### Aim of the exercise
Transcribe the full listing without changing a word, and omit its pictures.

BEGIN

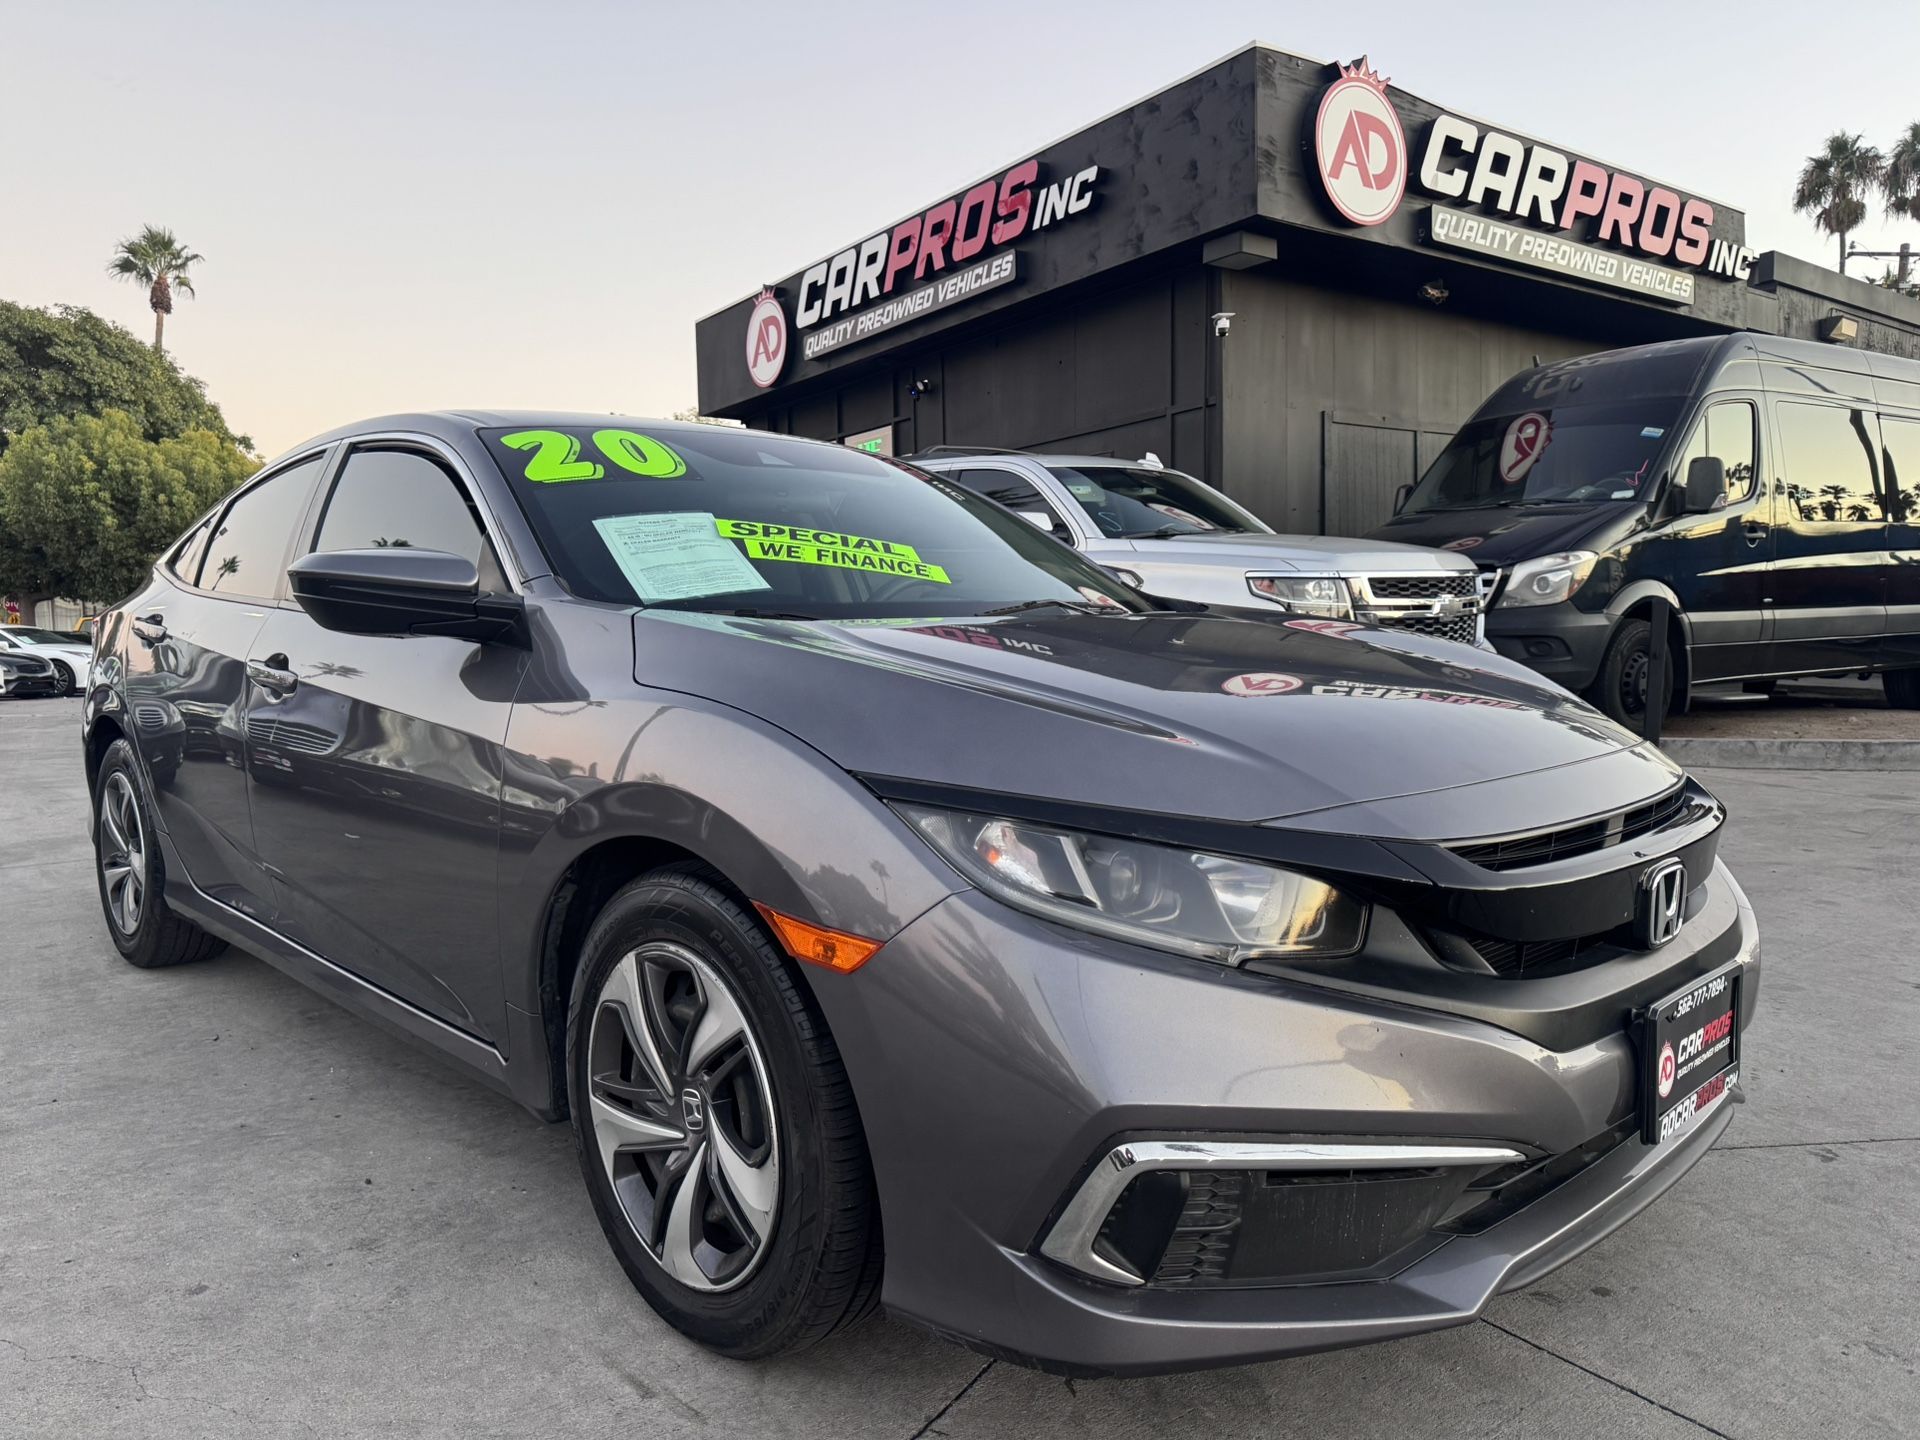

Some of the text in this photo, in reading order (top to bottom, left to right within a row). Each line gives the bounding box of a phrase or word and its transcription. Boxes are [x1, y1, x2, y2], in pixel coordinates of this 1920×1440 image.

[1328, 109, 1397, 190] AD
[1032, 165, 1098, 231] INC
[1434, 212, 1519, 252] QUALITY
[1622, 262, 1693, 298] VEHICLES
[1708, 238, 1754, 281] INC
[805, 322, 854, 356] QUALITY
[938, 254, 1014, 302] VEHICLES
[752, 315, 782, 369] AD
[500, 430, 687, 484] 20
[730, 522, 906, 557] SPECIAL
[759, 541, 931, 578] WE FINANCE
[1677, 975, 1725, 1017] 562-777-7894

END

### Solution to this problem
Some of the text in this photo, in reading order (top to bottom, left to right within a row). Each line gives the bounding box of a phrase or word and its transcription. Boxes are [x1, y1, x2, y2], in pixel coordinates of this 1920×1440 image.

[1328, 109, 1397, 190] AD
[1032, 165, 1098, 231] INC
[1434, 212, 1519, 252] QUALITY
[1622, 262, 1693, 298] VEHICLES
[1708, 238, 1754, 281] INC
[805, 322, 854, 356] QUALITY
[938, 254, 1014, 302] VEHICLES
[752, 315, 782, 369] AD
[500, 430, 687, 484] 20
[730, 522, 906, 557] SPECIAL
[759, 541, 931, 578] WE FINANCE
[1677, 975, 1725, 1017] 562-777-7894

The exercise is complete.